Resin cements are a type of polymerisable lutes. They consist of methacrylate and dimethacrylate monomers (e.g. bisphenol A-glycidyl methacrylate (Bis-GMA), urethane dimethacrylate (UDMA), tri-ethylene glycol dimethacrylate (TEGMA)), filler particles (e.g. quartz, fused silica, aluminosilicates and borosilicates) and an initiator which can be either chemically- or light-activated.
- Chemically/self-cured resin cements
Autopolymerisation occurs once all the constituents are mixed together. An external source of energy such as light and heat is not needed to activate the setting reaction. Excess cement should be removed immediately after seating the restoration by using interproximal dental instruments such as dental floss. Autopolymerised cement is proven to be the most radiolucent among all resin cements, making it relatively difficult to be seen on radiographs.
- Light-cured resin cements
Due to the presence of light-activated components (photo-initiators), this type of resin cement requires an external light source to initiate the setting reaction. This characteristic allows command set at the periphery of the restoration where light can reach the cement. However, this type of cement is not suitable for thick restorations due to attenuation of light. Instead, a chemically-cured resin cement should be used.
- Dual-cured resin cements
They consist of a light-activated paste mixed with a chemical catalyst for resin polymerisation. They are widely used for luting dental restoration whereby the thickness allows penetration of light for partial curing only. On the other hand, the chemically-cured component is key in ensuring complete polymerisation and hence full strength acquisition. Discolouration may occur due to the presence of aromatic amine. Overall, the combination of its physical and chemical properties makes it the most favourable type.
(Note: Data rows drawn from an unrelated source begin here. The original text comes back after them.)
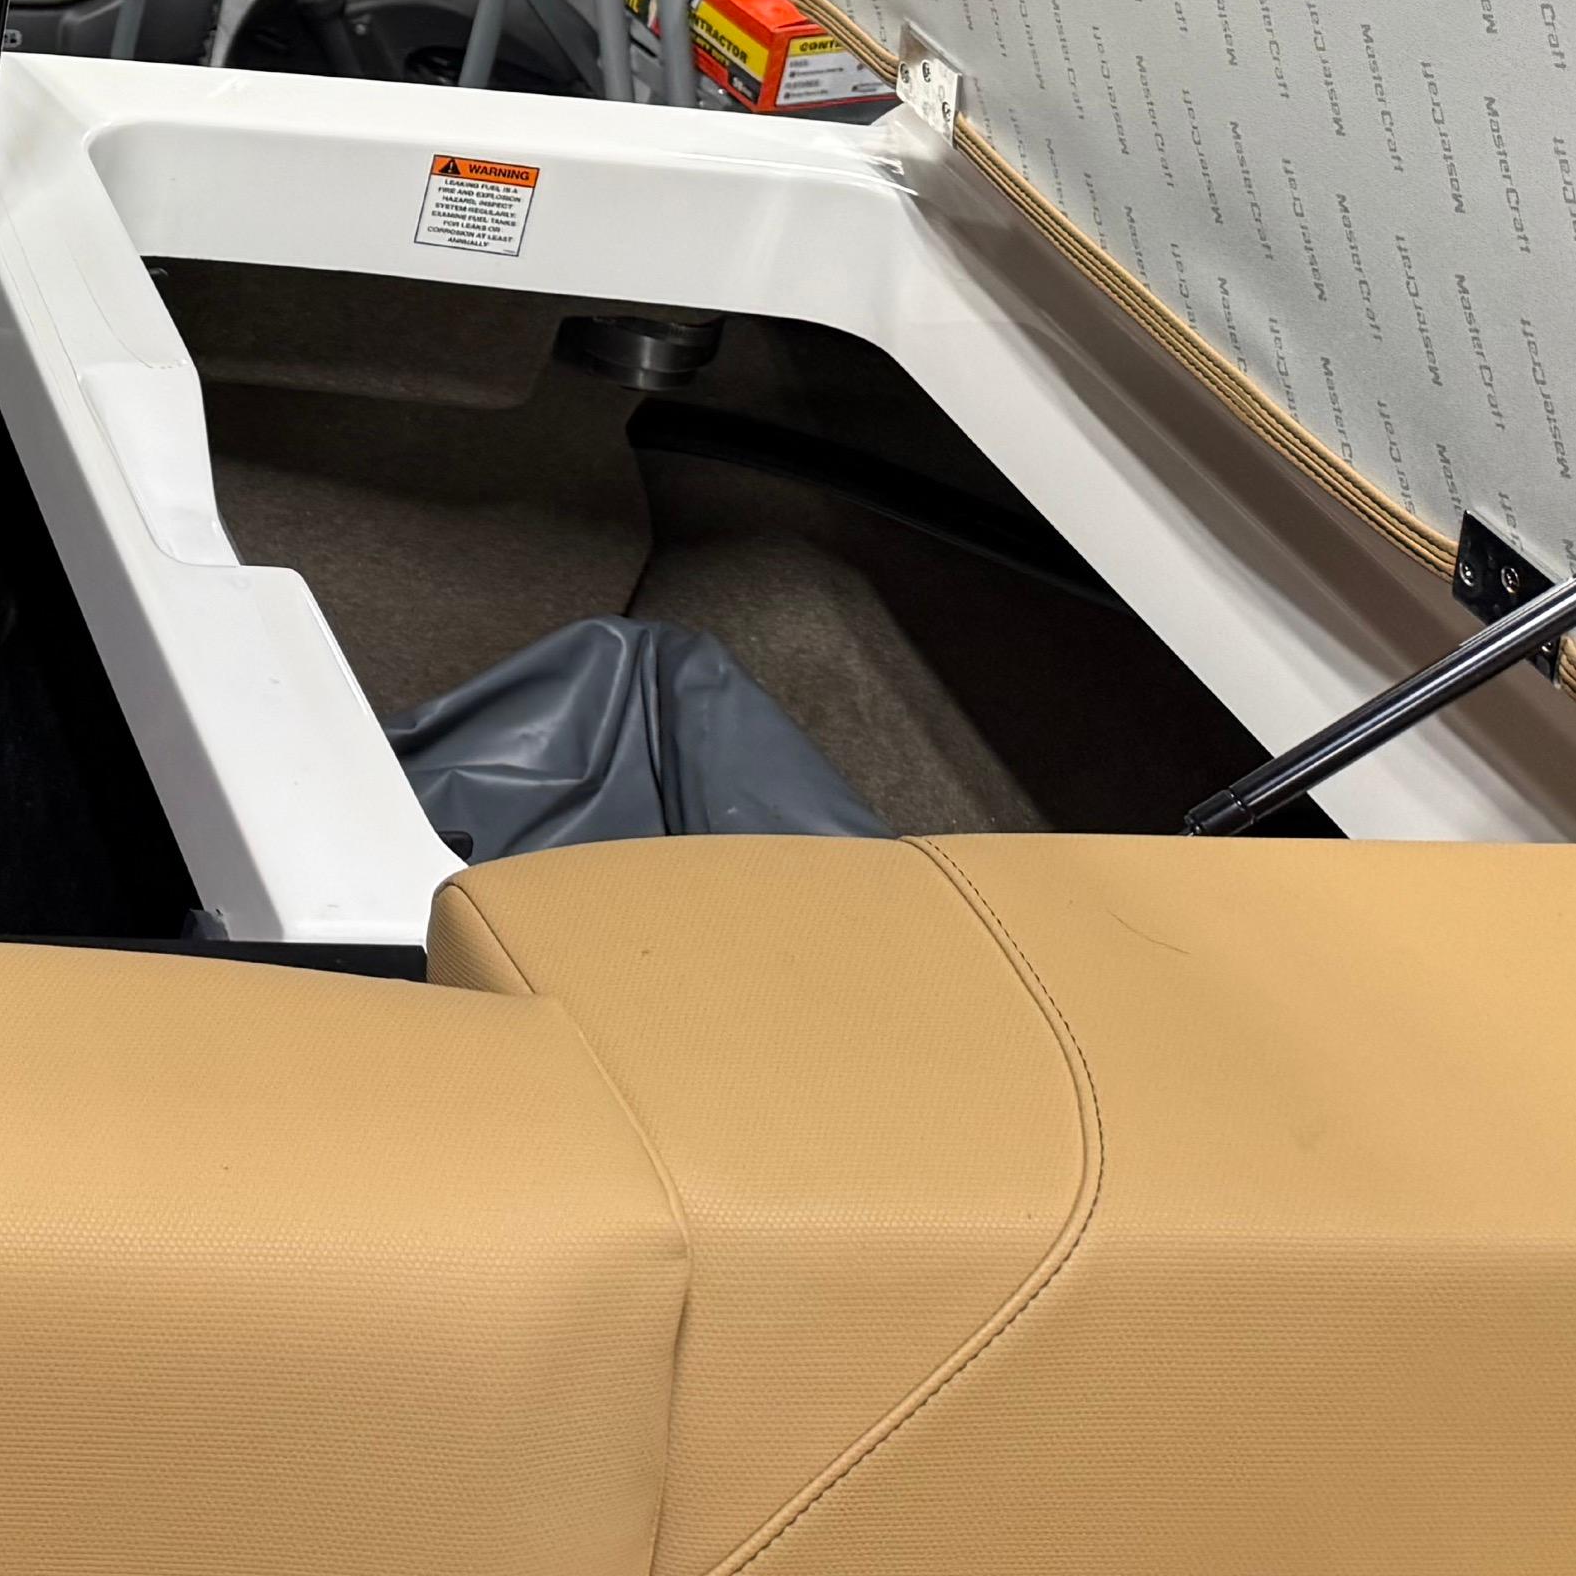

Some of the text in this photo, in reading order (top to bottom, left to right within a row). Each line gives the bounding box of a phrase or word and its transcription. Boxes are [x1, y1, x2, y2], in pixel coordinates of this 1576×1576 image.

[1359, 22, 1406, 174] MasterCraft
[468, 164, 529, 180] WARNING
[444, 179, 478, 188] LEAKING
[476, 192, 520, 201] EXPLOSION
[478, 200, 512, 209] INSPECT
[431, 211, 466, 219] EXAMINE
[427, 226, 474, 236] CORROSION
[1453, 272, 1507, 432] MasterCraft
Today resin cements are manufactured in different shades to accommodate demanding aesthetic needs. It is also well known for its high flexural strength, which ranges from 64 to 97 MPa. Although it has the advantage of attaching restorations with minimal retentive capacity to tooth surfaces due to its high bond strength to dentine, its methacrylate constituent causes it to undergo polymerisation shrinkage when setting. The strain introduced by the shrinkage will tend to raise the tensile stresses significantly at areas where the cement is thick. However, the cement thickness usually used is sufficiently low to raise concern. Another way to look at the strain applied onto the tooth structure is to consider the configuration factor (C-factor) of the lute, especially in the case of inlay type restoration. The use of resin cements is considered technique-sensitive as compared to conventional cements because it requires multiple steps for bonding and is difficult to clean up.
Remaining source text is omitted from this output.